Mais quand arrive la vague orageuse des passions du jeune âge, que va devenir ce frêle esquif avec ses voiles qui se gonflent, et son pilote sans expérience ?
L’éducation américaine pare à ce danger : la jeune fille reçoit de bonne heure la révélation des embûches qu’elle trouvera sur ses pas. Ses instincts la défendraient mal : on la place sous la sauvegarde de sa raison ; ainsi éclairée sur les pièges qui l’environnent, elle n’a qu’elle seule pour les éviter. La prudence ne lui manque jamais.
Ces lumières données à l’adolescente sont une conséquence obligée de la liberté dont elle jouit ; mais elles lui font perdre deux qualités charmantes dans le jeune âge, la candeur et la naïveté. L’Américaine a besoin de science pour être sage : elle sait trop pour être innocente *.
Cette liberté précoce donne à ses réflexions un tour sérieux, et imprime quelque chose de mâle à son caractère.
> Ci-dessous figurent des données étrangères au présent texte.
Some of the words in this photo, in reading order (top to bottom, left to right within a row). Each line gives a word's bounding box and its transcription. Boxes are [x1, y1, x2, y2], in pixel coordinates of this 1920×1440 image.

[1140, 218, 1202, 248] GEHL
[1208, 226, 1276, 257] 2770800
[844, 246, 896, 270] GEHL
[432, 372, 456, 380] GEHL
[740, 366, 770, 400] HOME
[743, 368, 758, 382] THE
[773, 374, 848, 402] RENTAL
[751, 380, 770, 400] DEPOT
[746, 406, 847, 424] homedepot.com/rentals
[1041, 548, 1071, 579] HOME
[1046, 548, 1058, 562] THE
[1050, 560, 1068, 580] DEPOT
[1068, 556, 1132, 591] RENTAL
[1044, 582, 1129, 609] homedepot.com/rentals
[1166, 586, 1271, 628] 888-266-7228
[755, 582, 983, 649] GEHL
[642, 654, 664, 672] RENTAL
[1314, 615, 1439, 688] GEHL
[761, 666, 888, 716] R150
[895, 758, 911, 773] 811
Je me rappelle avoir entendu une jeune fille de douze ans traiter dans une conversation et résoudre cette grande question : « Quel est de tous les gouvernements celui qui de sa nature est le meilleur ? » — Elle plaçait la république au-dessus de tous les autres.
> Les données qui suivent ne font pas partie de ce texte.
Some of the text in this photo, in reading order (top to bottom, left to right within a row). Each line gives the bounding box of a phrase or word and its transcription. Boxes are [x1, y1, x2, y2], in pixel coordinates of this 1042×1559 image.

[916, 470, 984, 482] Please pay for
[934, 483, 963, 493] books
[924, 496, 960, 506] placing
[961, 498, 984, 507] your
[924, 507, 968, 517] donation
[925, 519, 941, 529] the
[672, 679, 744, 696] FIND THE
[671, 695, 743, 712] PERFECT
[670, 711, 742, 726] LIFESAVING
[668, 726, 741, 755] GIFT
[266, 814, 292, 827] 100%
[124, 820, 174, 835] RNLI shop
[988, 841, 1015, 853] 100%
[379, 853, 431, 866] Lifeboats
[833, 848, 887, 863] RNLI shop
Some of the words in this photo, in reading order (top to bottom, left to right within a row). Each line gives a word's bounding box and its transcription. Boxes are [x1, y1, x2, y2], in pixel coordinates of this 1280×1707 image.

Cette froideur des sens, cet empire de la tête, ces habitudes mâles chez les femmes, peuvent trouver grâce devant la raison ; mais elles ne contentent point le cœur. Tel fut le premier jugement que je portai sur les femmes d’Amérique ; cependant je rencontrai dans le monde une jeune personne dont le caractère, tout à la fois impétueux et tendre, vint ébranler cette impression.